A block over and up the hill sits Old St. Peter’s Church, which celebrated its 146th anniversary with its annual picnic Aug. 10.
The Rt. Rev. Morgan Johnson lead the congregation in prayer before their potluck picnic. A little over 20 members shared their stories, laughs and looked on as photos from history’s past flashed across a screen.
“We really try to be a local church even though we’re Anglican and have this tradition,” Johnson said. “We just want to be a local, warm inviting church that isn’t busy judging people.”
The church was established in 1873 under the guidance of the Rt. Rev. Benjamin Morris. Johnson said back in the day, just about every main denomination held their services at St. Peter’s.
Johnson said each denomination would switch between using a tent and practicing outside the church, and moving inside and passing along the tent to someone else.
Johnson said all the clergy have always been volunteer, and he even got his start that way in the mid to late 1990s.
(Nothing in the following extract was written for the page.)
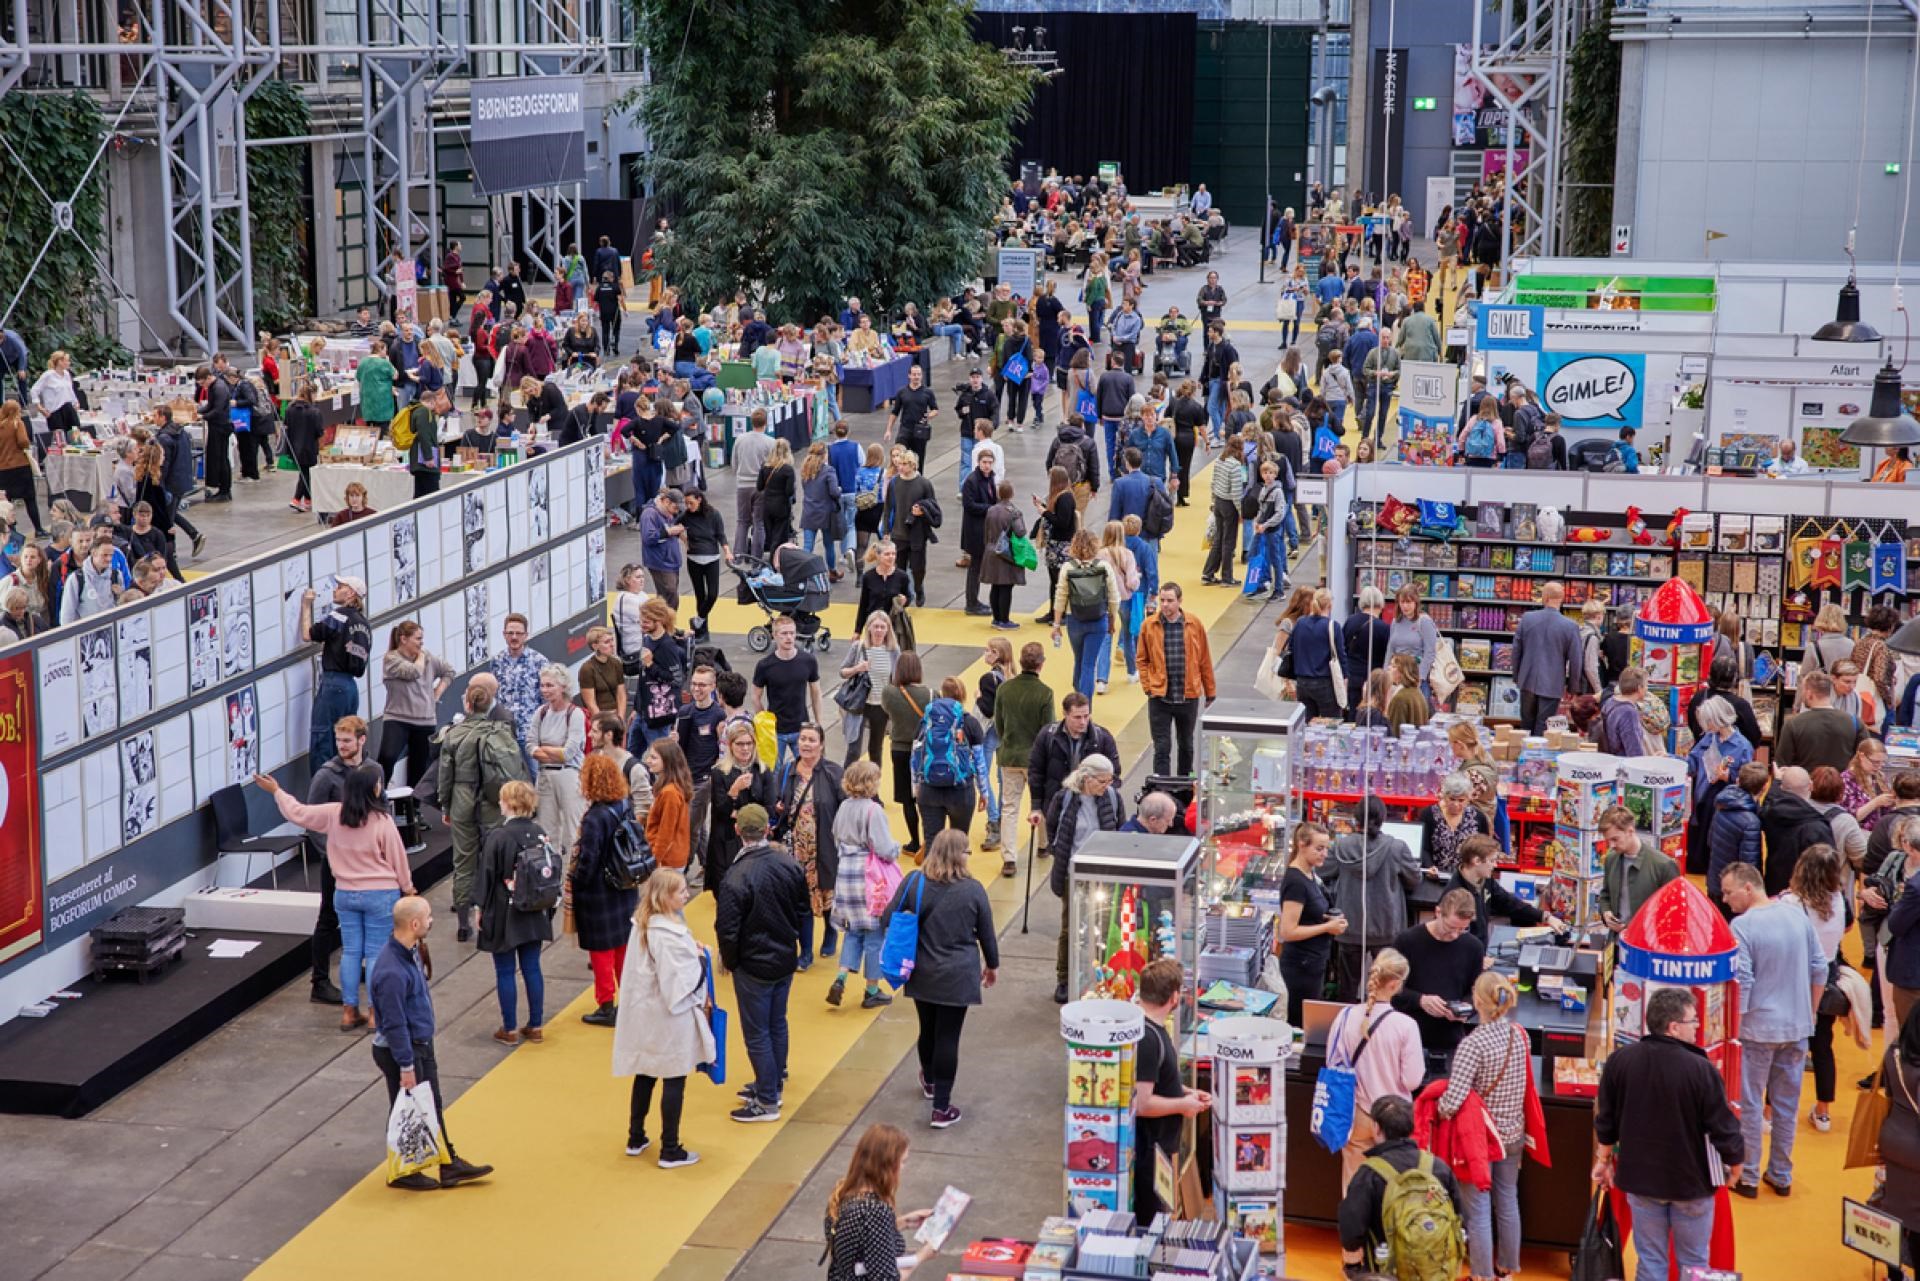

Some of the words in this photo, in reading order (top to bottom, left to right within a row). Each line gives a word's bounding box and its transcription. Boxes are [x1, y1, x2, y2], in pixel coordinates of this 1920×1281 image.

He said he was surprised when someone approached him and asked him to join the ministry, but he accepted.
Johnson said a lot of the church is its original structure, but has been replaced throughout the years. The walls have been painted, the slits in the ceiling covered over — he even said the ventilation system never worked too well in the winter, and the chimney inside the church would smoke up the building anyway. The pews are from a different church that closed years ago, and the stained glass is from 1903 on the East Coast.
Despite its small congregation, the church continues to move forward, Johnson said, even if he’s sometimes the only one doing maintenance on the building.
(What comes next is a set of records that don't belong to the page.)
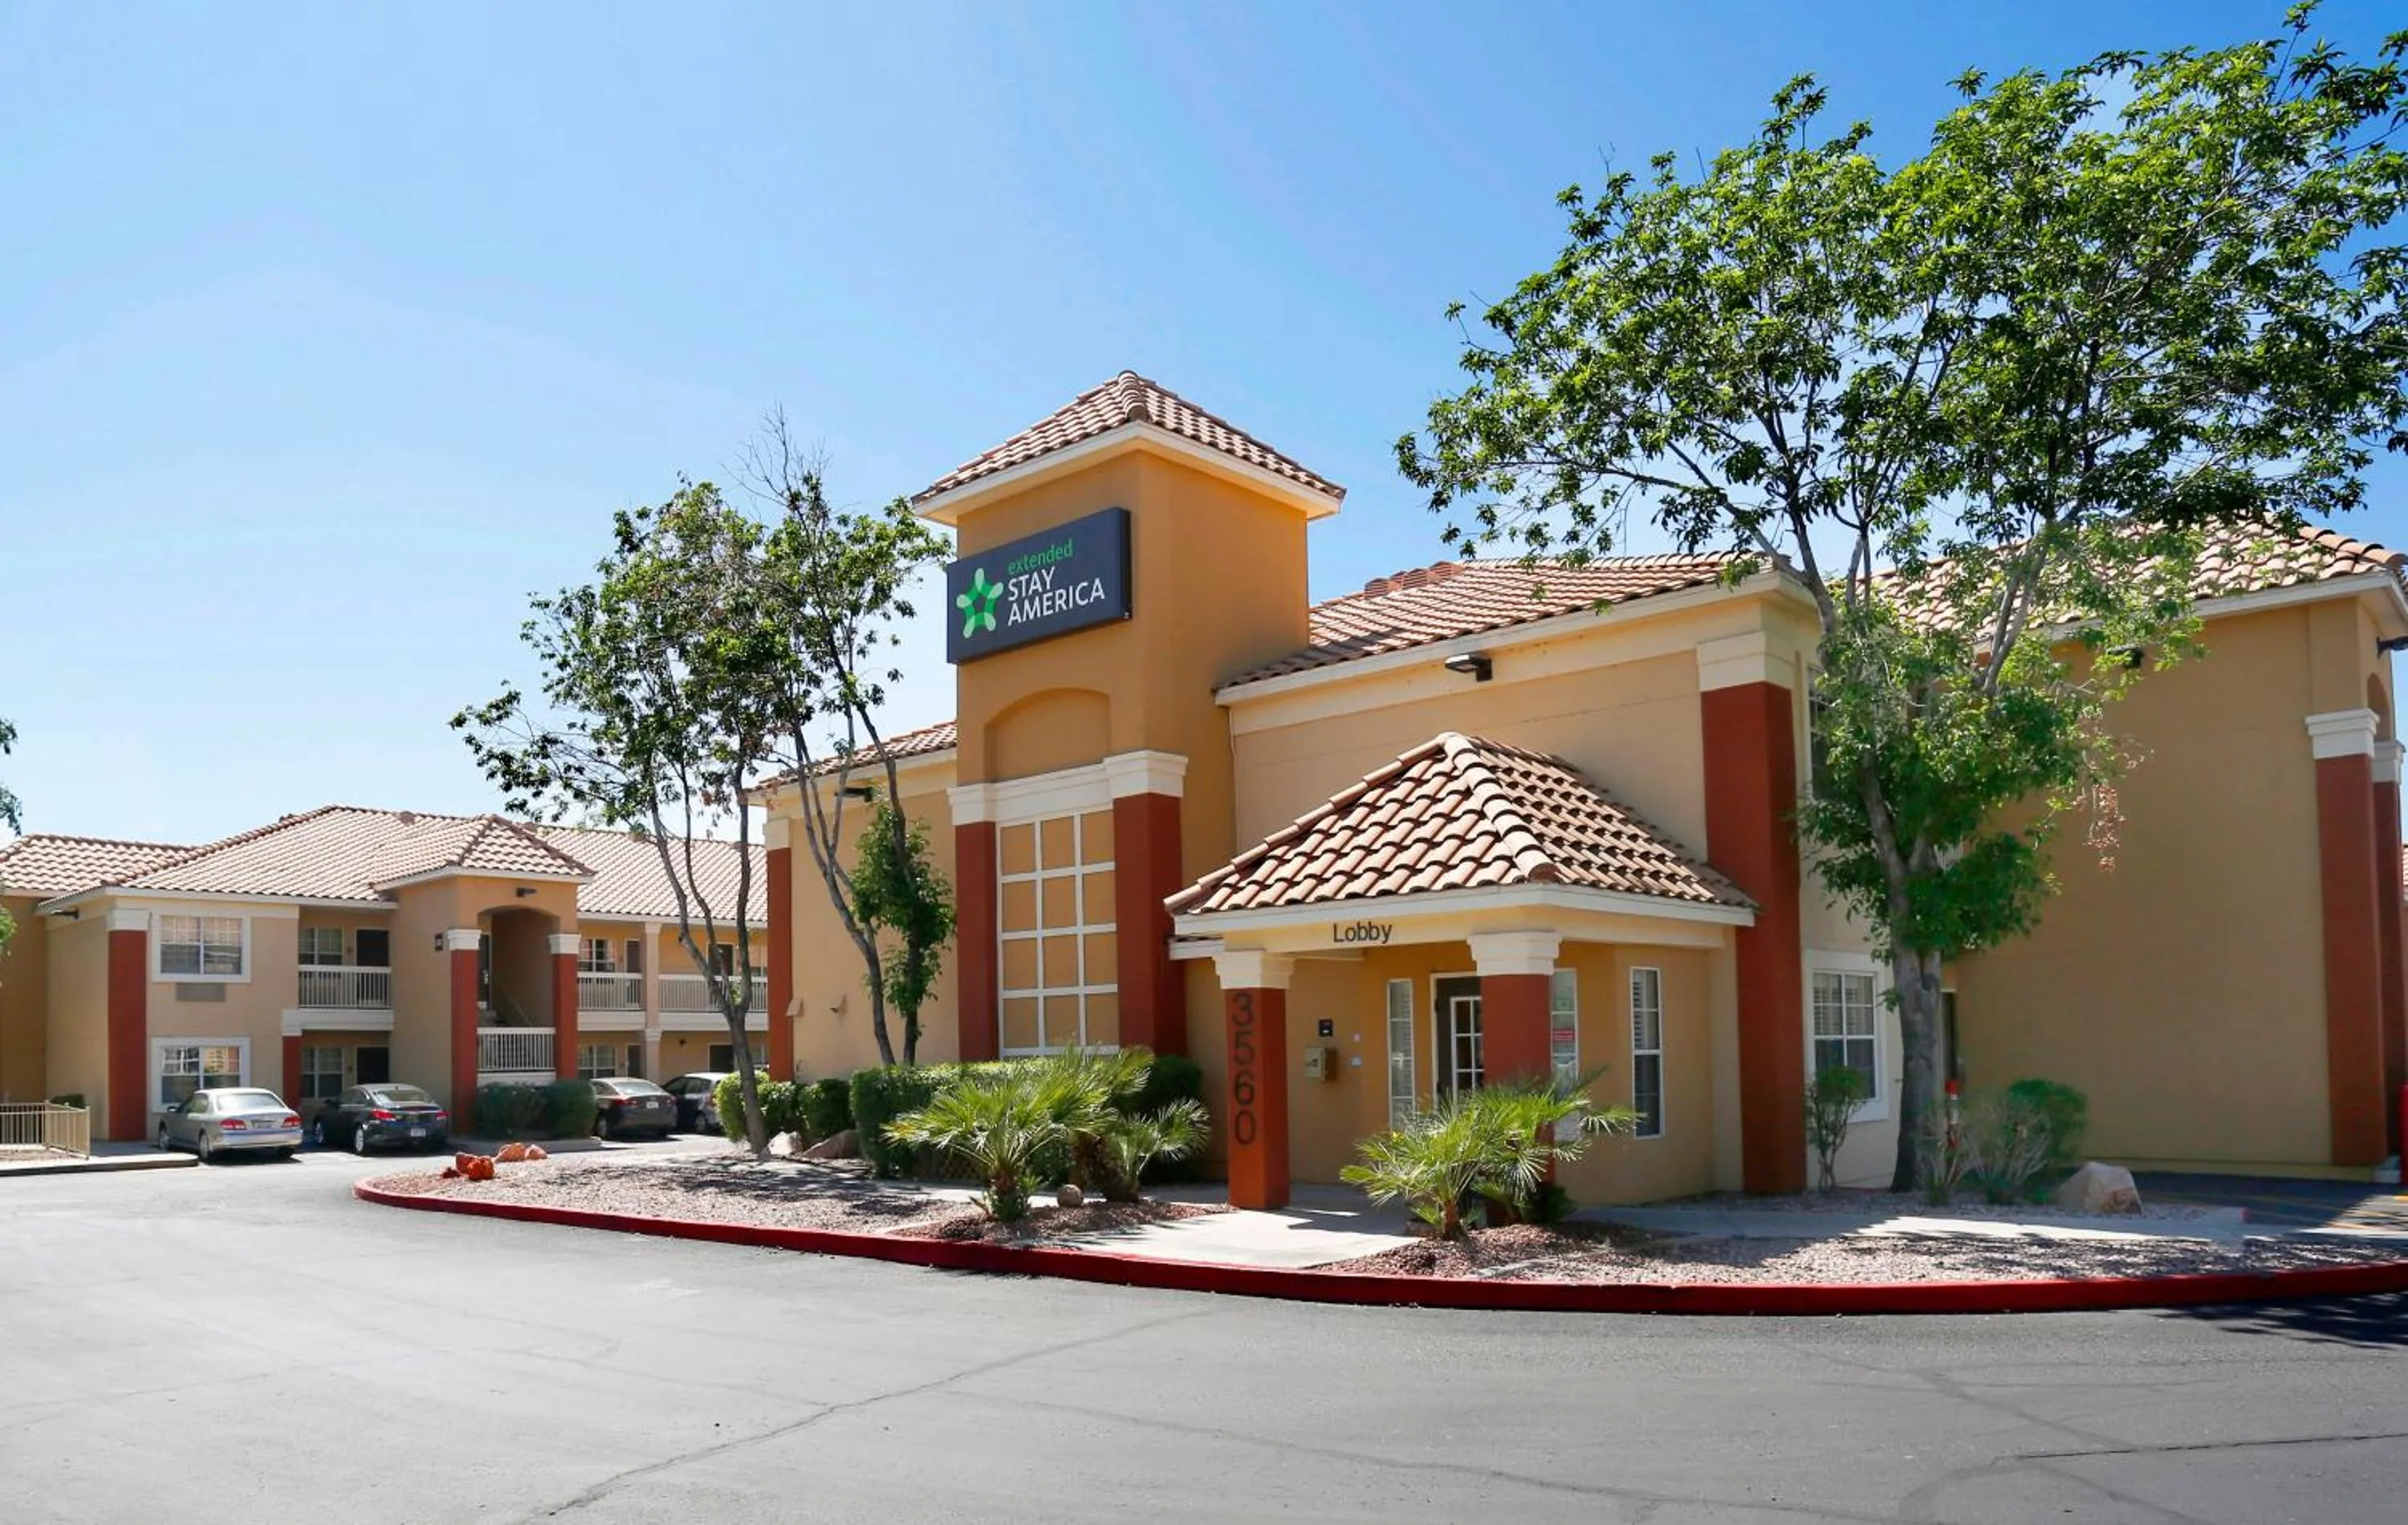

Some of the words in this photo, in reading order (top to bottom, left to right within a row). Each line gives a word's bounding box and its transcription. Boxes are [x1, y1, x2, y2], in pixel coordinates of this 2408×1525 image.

[1008, 539, 1073, 575] extended
[1007, 577, 1104, 626] AMERICA
[1008, 566, 1056, 601] STAY
[1333, 921, 1393, 944] Lobby
[1232, 992, 1256, 1145] 3560
At night, to end a long day, locals head to The Spar, which sits atop the same ground as The Old Tacoma Saloon.
The building its housed in has been everyone from a soda pop shop to a grocery store. In the 1920s, it became a restaurant called the Spar.
“This was a bar for dispensing soft drinks which could be augmented with purchases from the local bootleggers if the bartender conveniently turned his head,” according to The Spar’s current food menu.
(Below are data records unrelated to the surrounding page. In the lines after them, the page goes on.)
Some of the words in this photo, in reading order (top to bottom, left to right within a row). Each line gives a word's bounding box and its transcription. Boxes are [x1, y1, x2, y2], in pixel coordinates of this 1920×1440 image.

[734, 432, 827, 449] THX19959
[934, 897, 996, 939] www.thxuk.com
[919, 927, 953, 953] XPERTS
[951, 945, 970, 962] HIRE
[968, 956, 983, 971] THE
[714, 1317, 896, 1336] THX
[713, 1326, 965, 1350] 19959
After prohibition in 1933, alcohol replaced soft drinks — although there were still some who snuck alcohol into the building through a trapdoor in the floor, said co-owner Laurena “Rena” Manke.
Manke, her sister, her sister’s husband and her dad bought The Spar from Manke’s grandmother Kathy June 2018.
“It’s always been in the family and we wanted to keep it that way,” Manke said. “My grandma, she’s run it for a long time, she deserves a bit of relaxation in her later years.”
Kathy Manke bought The Spar along with a friend and renovated it in the 1980s.
Serina Hood, a Spar-fly (or what the locals call the regulars), said before the renovation, the windows in the back were blacked out, the walls were dark brown and the ceiling was black.
“I don’t know if it was people feeling guilty after prohibition or what,” Hood said.
Then, Kathy Manke and her friend opened up the place. They opened the windows, moved everything around — they opened what they call The Annex in the back, which became the bar; the kitchen moved to the front right of the building and the front left became a family-friendly cafe.
“I’d say that it’s a homey environment — people really enjoy it because of that,” Hood said. “People come in, there’s a lot of regulars that have been down here for a long time, but there’s also people that come in all the time and discover it, and that’s the good part about it, it keeps on evolving.”
While it keeps changing, though, like adding alcohol to its menu last year, The Spar also embraces its past and the history of Old Town. Old photos from people who used to work in town, as well as old crews and boats, line the walls, and regulars pass on stories, including the time actor River Phoenix tried to get in when he was underage.
And the same can kind of be said for Old Town in general, Hood said, as well as Eileen Hudak and a few others who’ve watched the town grow. Even though dentists, law and therapists’ offices open on 30th Street, the town still retains its history, character and charm.